Research studies suggested that based on topological analysis of disease network it has been shown that disease genes lie on periphery of the network, which may effectively targeted without much side effects on society and environment (Hase et al., 2009; Zhu et al., 2009). There can be multiple targets at different network levels which can be identified by network dynamics analysis and visualization (Moller 2001). So, identifying the target and designing the potential agrochemical/peptides that can modulate the network response.

The task of network based systems targeting become very difficult that targeting single genes/protein or trait, this needs an in-depth knowledge of the regulatory dynamics of the network and availability of the accurate system parameters. The dynamics simulations of network response can be carried out by performing perturbation analyses using systems biology tool (Table 1), these approaches are continuously evolving with immense potential to discover agriculturally important traits and their behavior in desired conditions similar in health and diseases (Somvanshi et al., 2014).

The main objective of biofortification and nutraceutical development is to enrich the plant foods for essential micronutrients and proteins as plants grow naturally. It has been realized that biofortification of staple food crops would solve the malnutrition problem associated with rural poor.

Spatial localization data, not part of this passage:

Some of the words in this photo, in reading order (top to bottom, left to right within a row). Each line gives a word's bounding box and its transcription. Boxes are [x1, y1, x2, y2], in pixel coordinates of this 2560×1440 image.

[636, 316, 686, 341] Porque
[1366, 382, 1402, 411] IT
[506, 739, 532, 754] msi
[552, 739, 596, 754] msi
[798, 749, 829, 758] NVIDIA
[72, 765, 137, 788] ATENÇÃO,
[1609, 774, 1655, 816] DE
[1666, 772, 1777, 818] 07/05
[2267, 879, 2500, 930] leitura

In addition they play essential role in development of functional food (Nutraceuticals) for nutrition, health and well-being by the application of systems biology.

Recently published studies demonstrated that to achieve the goal for providing the crops with additional health benefits on a global scale, much work is required for development of new varieties with enhanced nutritional qualities by using interdisciplinary approaches (Hefferon, 2015), thus systems biology and omics based research can play crucial role in biofortification and nutraceutical development.